Colto da fallace desiderio, mi svegliai di soprassalto quella notte, peccaminosa ebbrezza solleticò i miei piedi e mi destò, stemperando lesta nell’aria azzurra del mattino. Passai l’ora dell’alba sdraiato su una stuoia di panno, fissando il soffitto, coricato, sognante ed accompagnato da canti di sirena ed echi lontani. Sensuale serpente insidioso, la voce di una eterna promessa mai doma, si insinuava nei miei orecchi, voleva lambire l’anima. Rettitudine però, volle ch’io non caddi nelle grinfie perfide di colei che canta dall’altipiano e dal Rio grande. Tentatrice con cappelli di paglia e stivali di pelle, segno di terre e generazioni di polvere e fieno. Ammaliatrice! Mai espresso nella sua splendida cenerinità, anche il sommo Dylan cascò davanti ad un talento avvertito, davanti a cotanta cantautoriale femminilità e copiosa, sensuale vocalità. Intima in quel mattino come di verità rivelata, sussurrata piano, dolcemente, all’orecchio. Sentimenti eleganti e intuizioni latenti perse in armonici rotondi classici non mai scontati, persuadono l’anima anche più insicura della bontà di quel momento, di quell’istante irripetibile per l’altre poche tappe di una carriera comunque aggraziata.

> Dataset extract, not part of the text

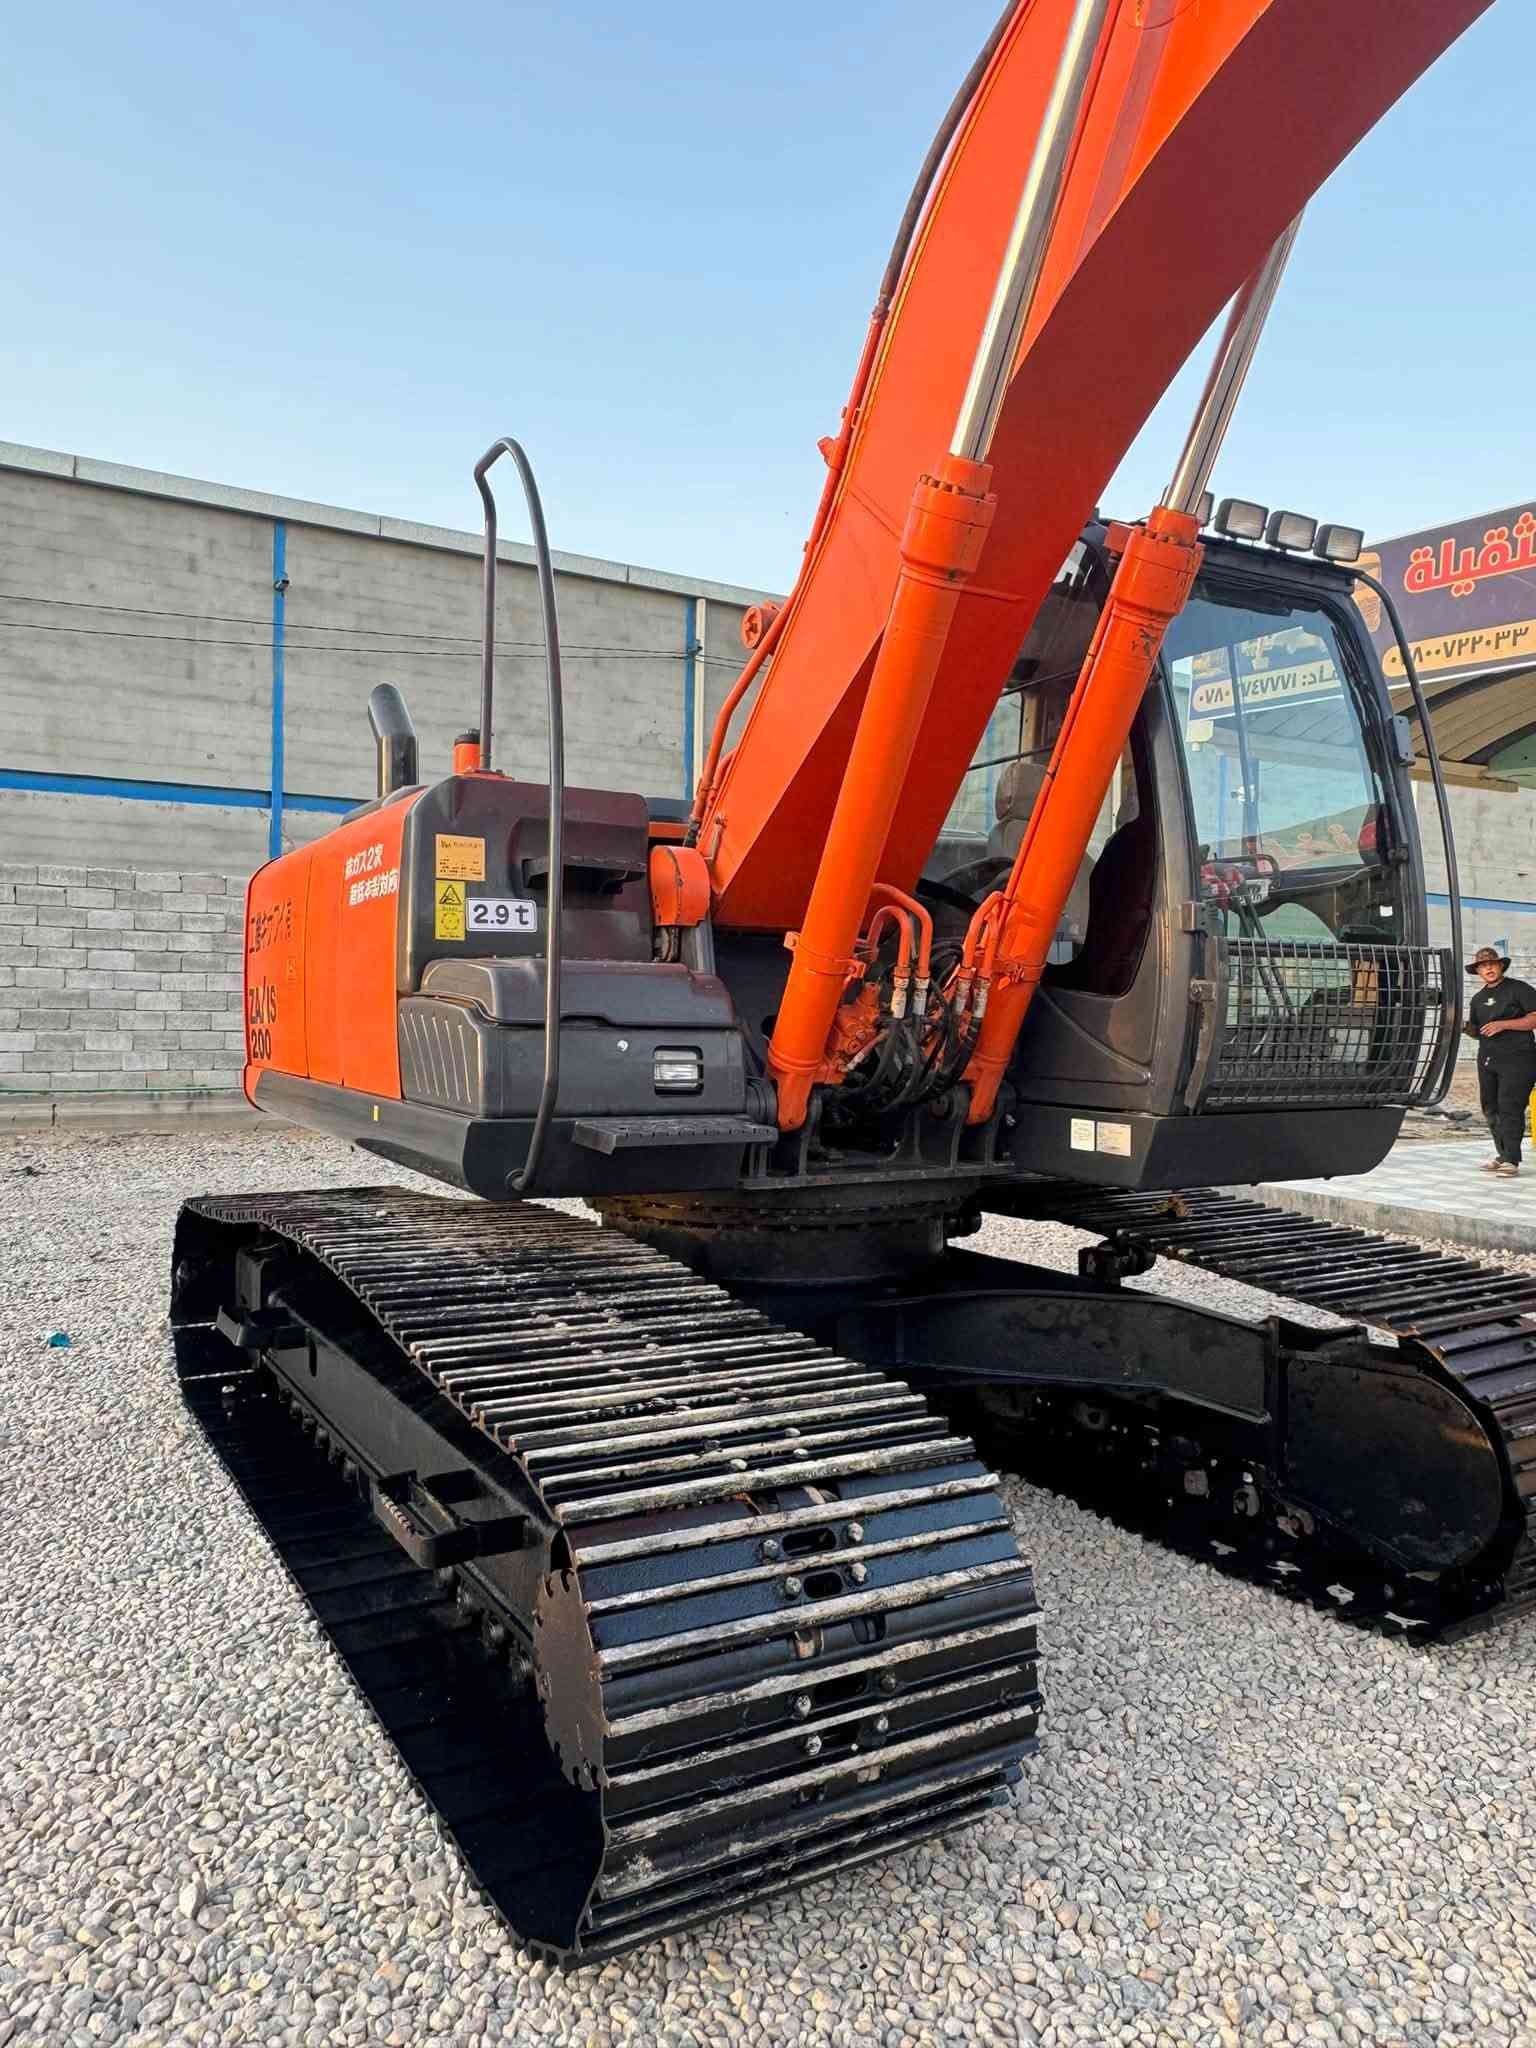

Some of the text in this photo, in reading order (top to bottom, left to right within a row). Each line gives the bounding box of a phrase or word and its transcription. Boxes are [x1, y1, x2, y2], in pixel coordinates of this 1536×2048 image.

Rimangono d’ella i cerchi a percorrere chilometri e nubi a bagnare le passeggiate in bicicletta... l’amor se si muovesse correrebbe su due rote, “Lance, aspettami!”… “Eh, ma quello viaggia a 50 all’ora e pur senza motore!”
Ecco svelato l’arcano, povera odalisca infatuata e rustica, a lei è toccata l’autovettura, il motore a scoppio e non il cavallo, né il velociclo, l'è stata tolta, rubata la poesia leggiadra e fuggiasca della natura, indifesa, è stata presto consegnata alle mani fameliche dei pirati, che la condussero con loro sulle rotte della perdizione, verso l’isola del tesoro, verso la ferma terra…

Rubano fiori nei giardini ancor prima ch’essi sboccino.